In its late June comments on CMS' recent Stark II interim final rule, the ACR disagrees with CMS' decision to leave "services such as nuclear medicine" out of the category of designated health services (DHS) covered by the Stark law. Even though the Stark law is "broad and ambiguous," it's clear that "Congress intended that DHS categories cover services like nuclear medicine prone to abusive utilization," the ACR insists.

As manufacturers perfect techniques that fuse positron emission tomography and CT imaging, the costs of combined PET/CT scans will skyrocket because providers will need to cover the costs of new equipment, the ACR predicts. So the ACR calls on CMS to stick PET scans and other nuclear medicine procedures back in the radiology category of designated health services.
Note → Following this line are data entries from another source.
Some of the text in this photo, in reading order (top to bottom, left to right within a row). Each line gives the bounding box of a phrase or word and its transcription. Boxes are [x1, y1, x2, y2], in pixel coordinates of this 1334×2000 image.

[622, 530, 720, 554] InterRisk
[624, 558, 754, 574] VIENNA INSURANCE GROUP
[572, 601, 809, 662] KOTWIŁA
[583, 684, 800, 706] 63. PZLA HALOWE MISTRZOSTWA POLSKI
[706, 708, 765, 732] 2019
Also, the ACR warns that physicians are taking advantage of the broad "in-office ancillary services exception," which lets doctors refer to themselves for some services they provide in their own offices, including imaging tests. In the latest Stark II regs, which take effect July 26, CMS said that physicians could bill for imaging tests as long as they were performed in the same building as the physicians'offices.

CMS set up three ways that physicians'imaging tests could qualify under this "same-building" test, according to attorney John Knapp with Duane Morris in Philadelphia, PA:

1) The referring physician or group practice has an office in the building that is open to patients at least 35 hours a week and the referring physician or one or more members of the group regularly furnishes medicine at least 30 hours per week. Some of the physician services provided in that building must be unrelated to designated health services.

2) The office in the building must be open at least eight hours per week, and the referring physician regularly furnishes medicine at least six hours per week.

3) The referring physician is present and orders the DHS during a patient visit on the premises, and the office meets all the criteria in number 2.

The ACR insists that CMS has drawn this "same building" test much too broadly and turned on the money faucet for self-referring practices.

The American College of Physicians co-sponsored a successful resolution sponsored by the American College of Cardiology that reaffirmed the American Medical Association's support for keeping the more liberal Stark II policy in place, notes the ACP's director of policy analysis and research, Jack Ginsburg.

"We think it's a real issue of patient quality and patient convenience," Ginsburg insists. "It's particularly an issue for internists and cardiologists to be able to offer inpatient diagnostic imaging services." The ACP opposes both regulatory and legislative actions to bar nonradiologists from offering diagnostic imaging services.

"Most physicians felt it was an integral part of physician practices, and that it was in the best interest of patients" to obtain an imaging test quickly rather than waiting for an outside radiologist to do it, Ginsburg adds. Often, patients face imminent danger and need a test to identify a "life-threatening" condition in time.